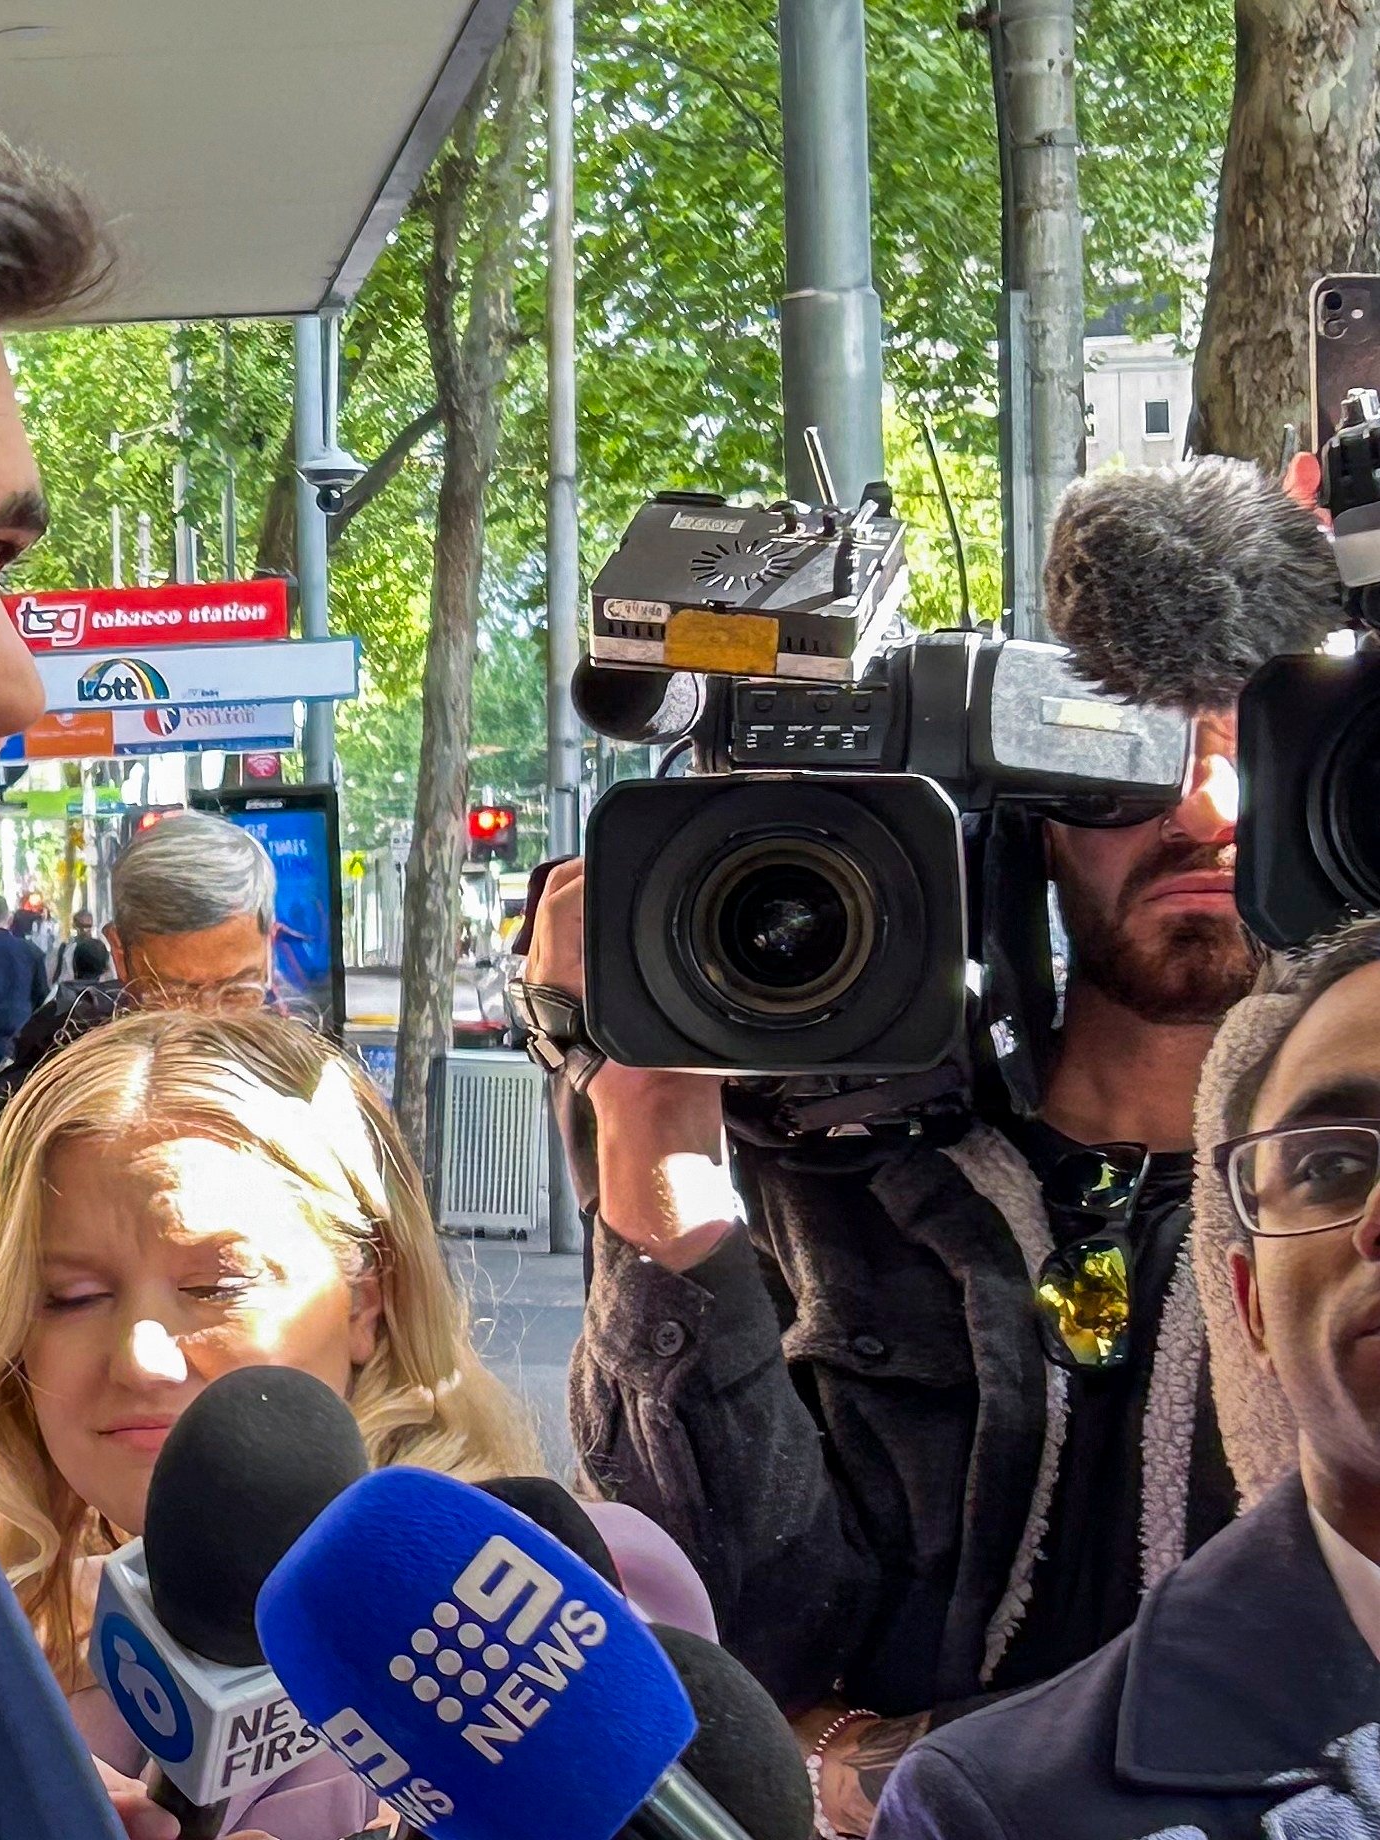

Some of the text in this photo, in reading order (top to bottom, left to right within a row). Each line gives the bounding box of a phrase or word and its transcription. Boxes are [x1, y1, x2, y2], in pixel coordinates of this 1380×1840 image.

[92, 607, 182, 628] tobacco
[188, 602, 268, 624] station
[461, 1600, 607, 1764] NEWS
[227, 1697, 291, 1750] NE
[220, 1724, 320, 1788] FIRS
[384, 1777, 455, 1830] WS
──────────
### PROBLEM STATEMENT
Reproduce the data word for word without its images.

### EXERCISE RESULT
Some of the text in this photo, in reading order (top to bottom, left to right within a row). Each line gives the bounding box of a phrase or word and its transcription. Boxes are [x1, y1, x2, y2], in pixel coordinates of this 1380×1840 image.

[92, 607, 182, 628] tobacco
[188, 602, 268, 624] station
[461, 1600, 607, 1764] NEWS
[227, 1697, 291, 1750] NE
[220, 1724, 320, 1788] FIRS
[384, 1777, 455, 1830] WS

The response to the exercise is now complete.